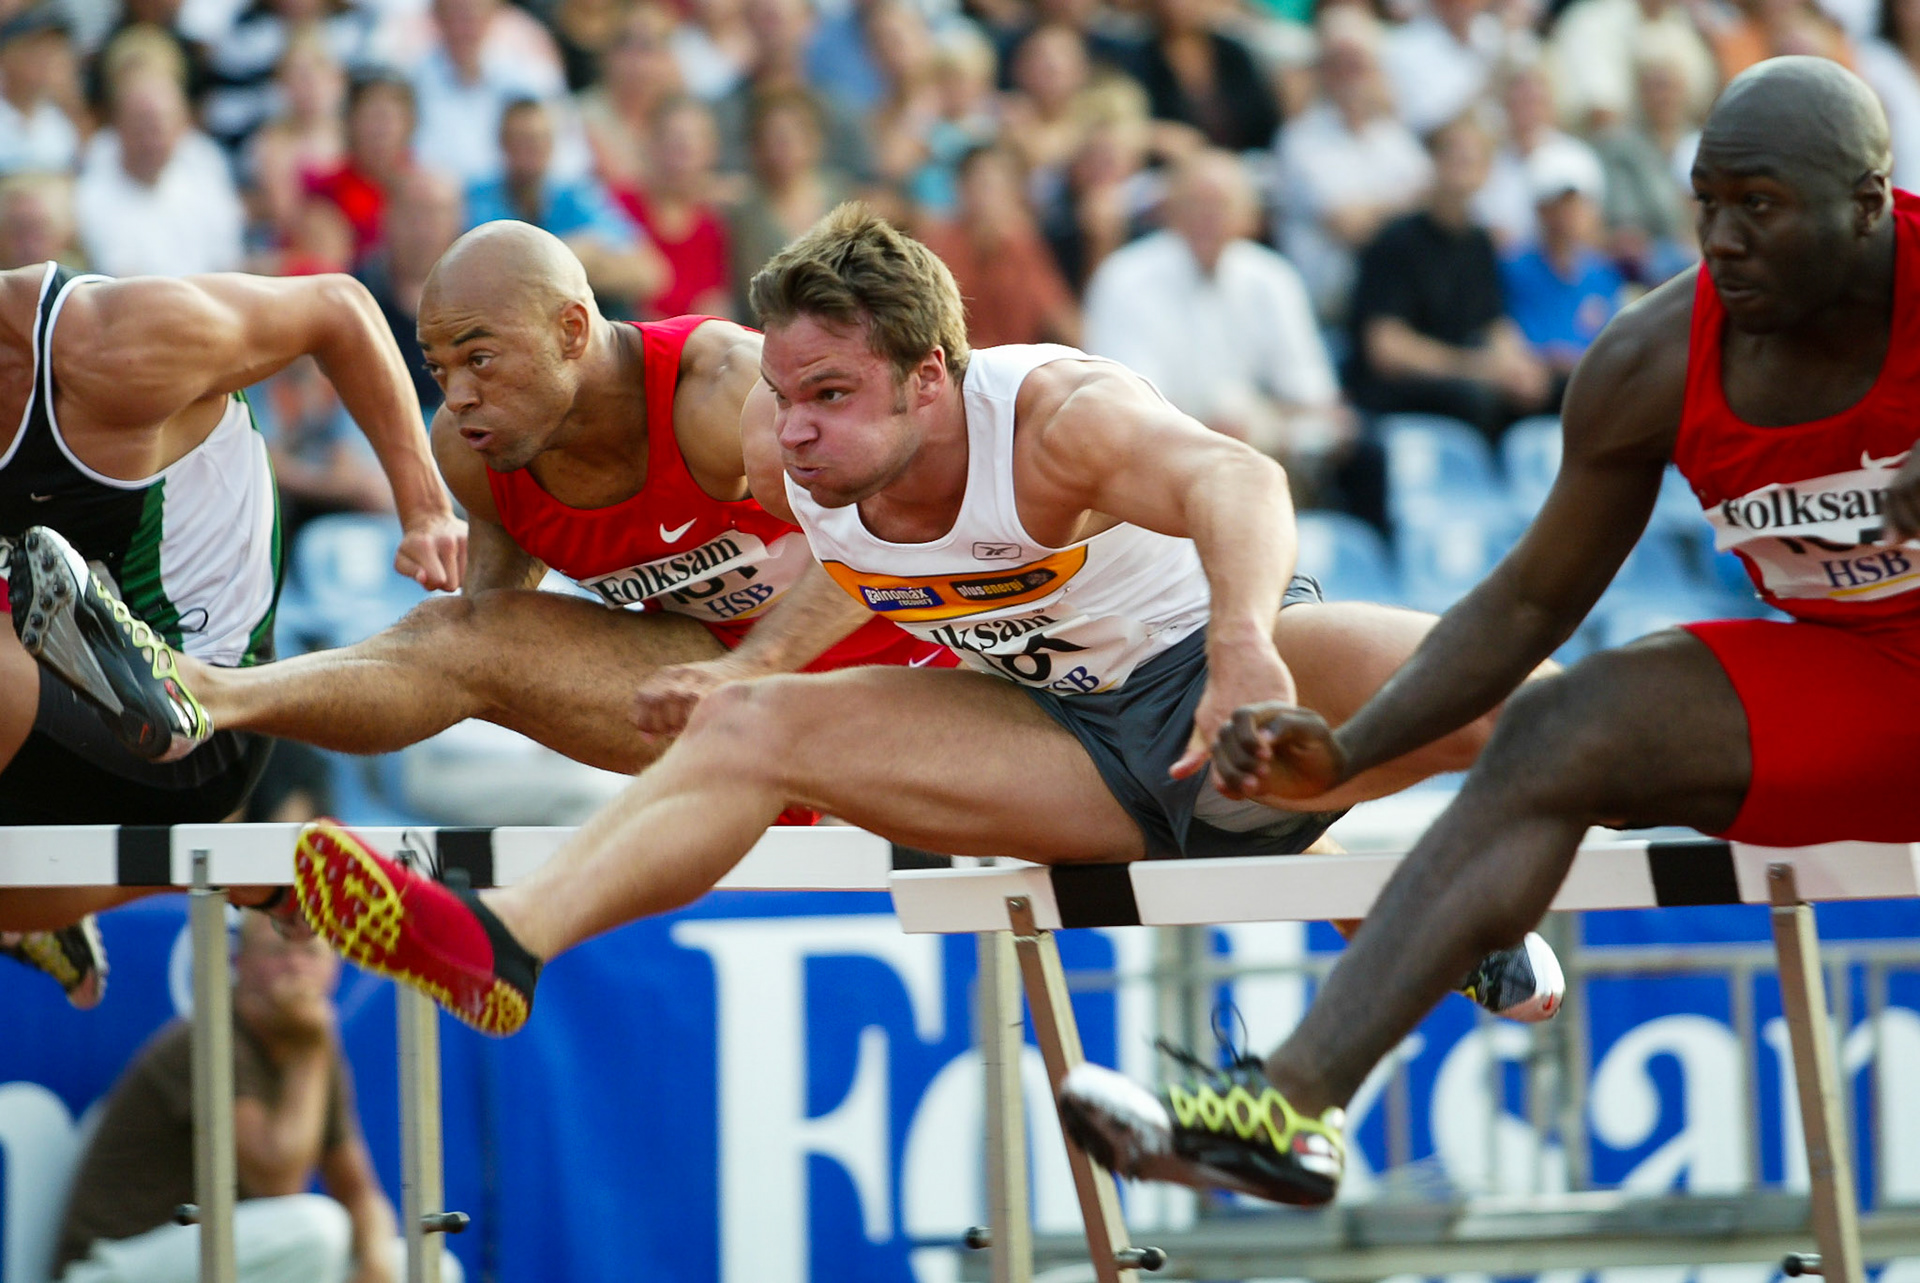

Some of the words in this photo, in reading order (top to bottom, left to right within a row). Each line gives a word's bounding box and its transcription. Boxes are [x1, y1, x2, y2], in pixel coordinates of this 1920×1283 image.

[592, 536, 743, 606] Folksam
[1820, 549, 1911, 588] HSB
[703, 582, 775, 618] HSB
[864, 586, 929, 604] gainomax
[929, 614, 1060, 654] lksam
[1045, 665, 1100, 693] SB
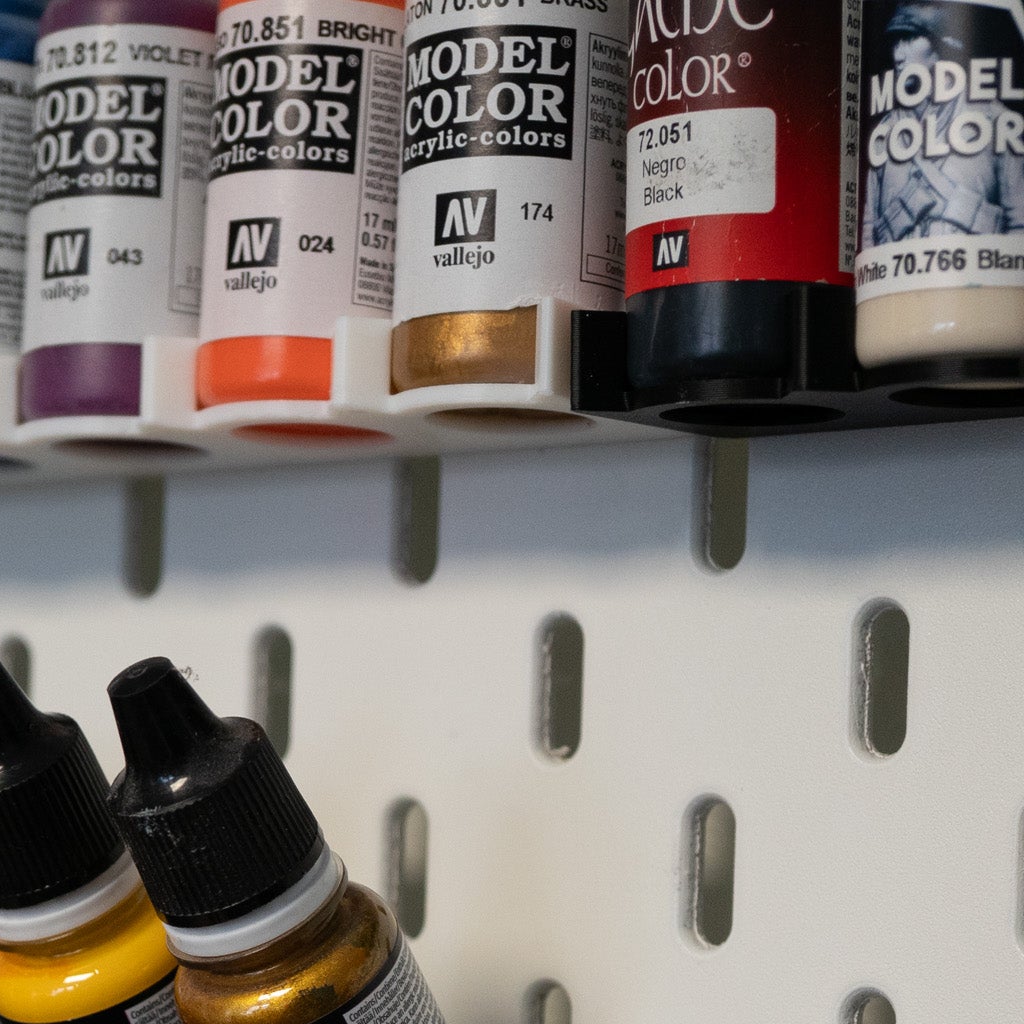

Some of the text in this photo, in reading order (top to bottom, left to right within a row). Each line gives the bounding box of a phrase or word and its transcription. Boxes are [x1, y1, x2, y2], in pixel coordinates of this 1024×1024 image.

[231, 15, 397, 48] 70.851 BRIGHT
[46, 40, 201, 71] 70.812 VIOLET
[407, 36, 571, 92] MODEL
[633, 48, 736, 111] COLOR
[870, 57, 1024, 116] MODEL
[209, 99, 352, 149] COLOR
[405, 82, 568, 136] COLOR
[404, 126, 567, 162] acrylic-colors
[638, 120, 693, 152] 72.051
[868, 111, 1024, 168] COLOR
[642, 155, 687, 179] Negro
[644, 185, 684, 207] Black
[364, 212, 379, 228] 17
[520, 202, 554, 222] 174
[298, 234, 336, 253] 024
[361, 231, 389, 250] 0.57
[107, 247, 144, 265] 043
[433, 245, 495, 269] vallejo
[893, 248, 966, 278] 70.766
[225, 270, 278, 294] vallejo
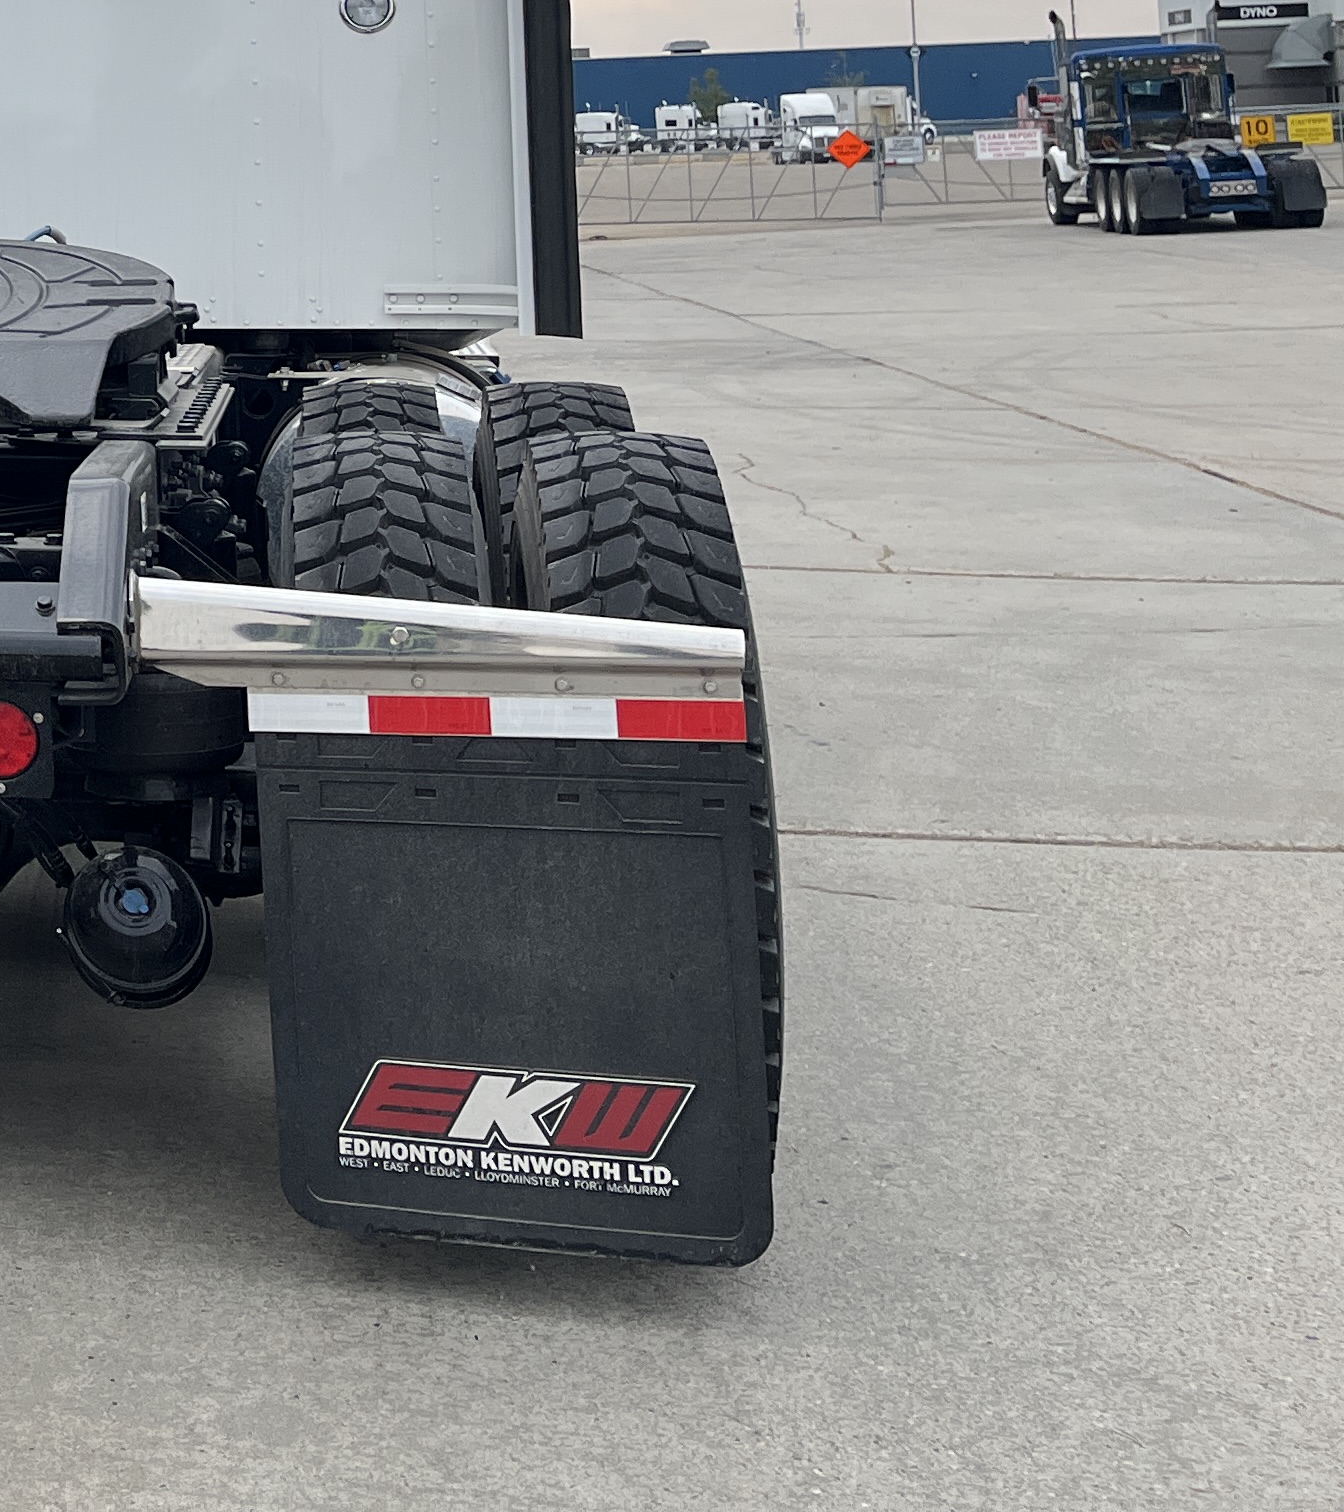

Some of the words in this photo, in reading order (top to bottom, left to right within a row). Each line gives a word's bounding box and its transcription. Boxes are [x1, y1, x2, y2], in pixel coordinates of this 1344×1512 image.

[1240, 5, 1278, 19] DYNO
[1245, 119, 1269, 136] 10
[351, 1063, 686, 1154] EKW
[338, 1136, 474, 1168] EDMONTON
[480, 1150, 621, 1181] KENWORTH
[627, 1163, 680, 1186] LTD.
[338, 1156, 370, 1168] WEST
[383, 1161, 410, 1173] EAST
[423, 1165, 461, 1179] LEDUC
[474, 1170, 561, 1188] LLOYDMINSTER
[574, 1179, 604, 1191] FORT
[606, 1182, 672, 1197] McMURRAY
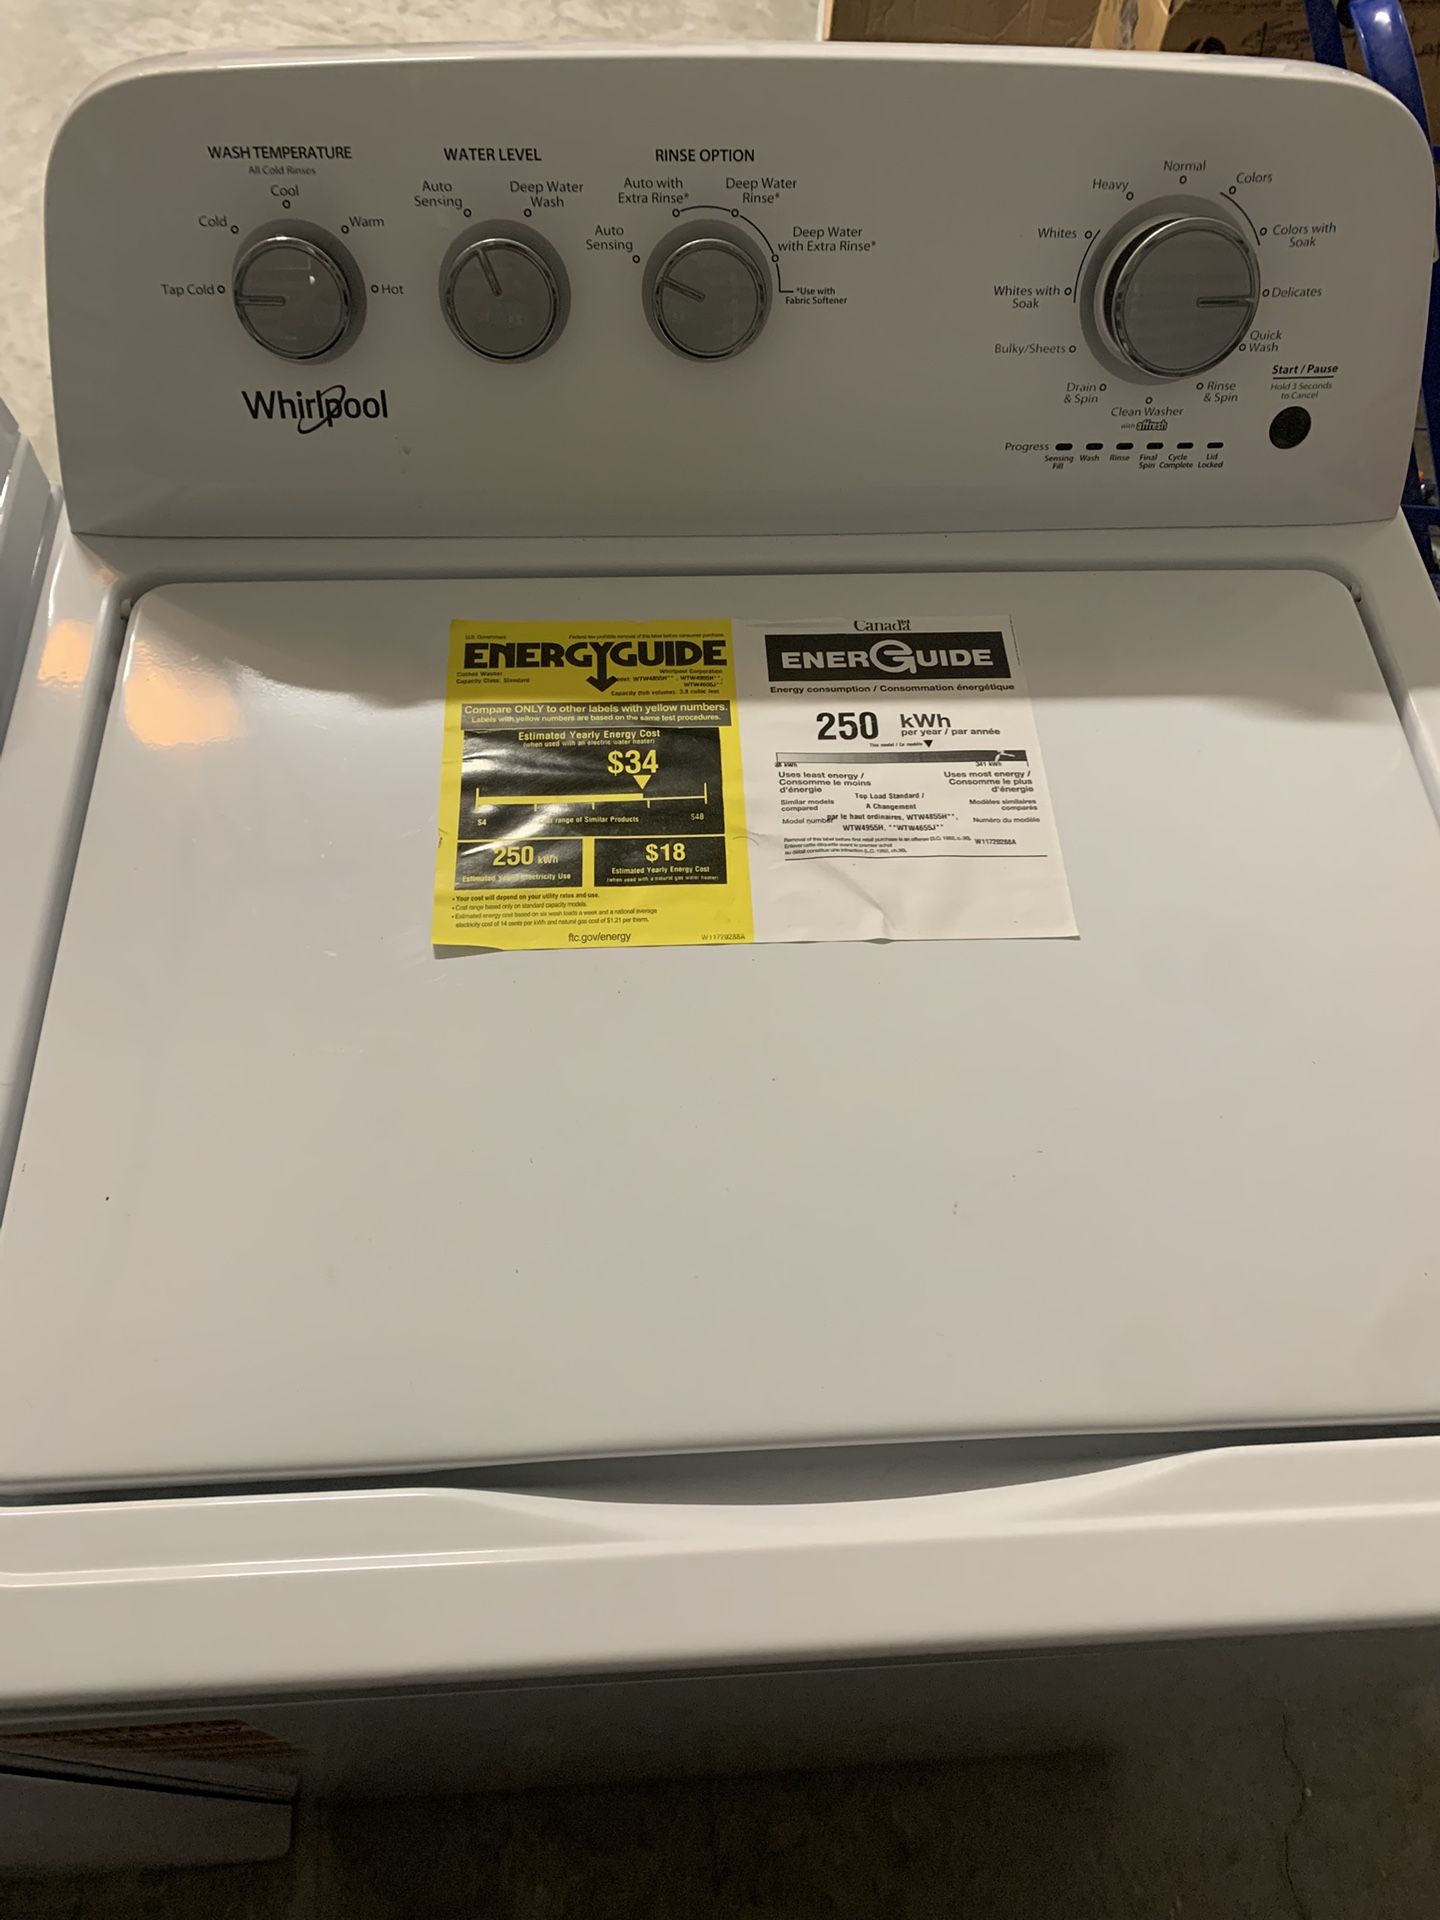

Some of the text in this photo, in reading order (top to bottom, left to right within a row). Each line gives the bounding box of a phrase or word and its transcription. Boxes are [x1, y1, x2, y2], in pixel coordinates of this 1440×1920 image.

※ ※ ※

• **What is needed**: Although the records hold pictures, return only what remains, word for word.

• **Written solution**:
Some of the words in this photo, in reading order (top to bottom, left to right within a row). Each line gives a word's bounding box and its transcription. Boxes are [x1, y1, x2, y2], in pixel coordinates of this 1920×1283 image.

[592, 536, 743, 606] Folksam
[1820, 549, 1911, 588] HSB
[703, 582, 775, 618] HSB
[864, 586, 929, 604] gainomax
[929, 614, 1060, 654] lksam
[1045, 665, 1100, 693] SB

Some of the text in this photo, in reading order (top to bottom, left to right within a row). Each line gives the bounding box of a phrase or word and its transcription. Boxes are [x1, y1, x2, y2], in pixel coordinates of this 1024×1024 image.

[231, 15, 397, 48] 70.851 BRIGHT
[46, 40, 201, 71] 70.812 VIOLET
[407, 36, 571, 92] MODEL
[633, 48, 736, 111] COLOR
[870, 57, 1024, 116] MODEL
[209, 99, 352, 149] COLOR
[405, 82, 568, 136] COLOR
[404, 126, 567, 162] acrylic-colors
[638, 120, 693, 152] 72.051
[868, 111, 1024, 168] COLOR
[642, 155, 687, 179] Negro
[644, 185, 684, 207] Black
[364, 212, 379, 228] 17
[520, 202, 554, 222] 174
[298, 234, 336, 253] 024
[361, 231, 389, 250] 0.57
[107, 247, 144, 265] 043
[433, 245, 495, 269] vallejo
[893, 248, 966, 278] 70.766
[225, 270, 278, 294] vallejo

Some of the words in this photo, in reading order (top to bottom, left to right within a row). Each line gives a word's bounding box and its transcription. Boxes are [x1, y1, x2, y2], in pixel coordinates of this 1344×1512 image.

[1240, 5, 1278, 19] DYNO
[1245, 119, 1269, 136] 10
[351, 1063, 686, 1154] EKW
[338, 1136, 474, 1168] EDMONTON
[480, 1150, 621, 1181] KENWORTH
[627, 1163, 680, 1186] LTD.
[338, 1156, 370, 1168] WEST
[383, 1161, 410, 1173] EAST
[423, 1165, 461, 1179] LEDUC
[474, 1170, 561, 1188] LLOYDMINSTER
[574, 1179, 604, 1191] FORT
[606, 1182, 672, 1197] McMURRAY

Some of the text in this photo, in reading order (top to bottom, left to right within a row). Each line gives the bounding box of a phrase or word and its transcription. Boxes are [x1, y1, x2, y2], in pixel coordinates of this 1440×1920 image.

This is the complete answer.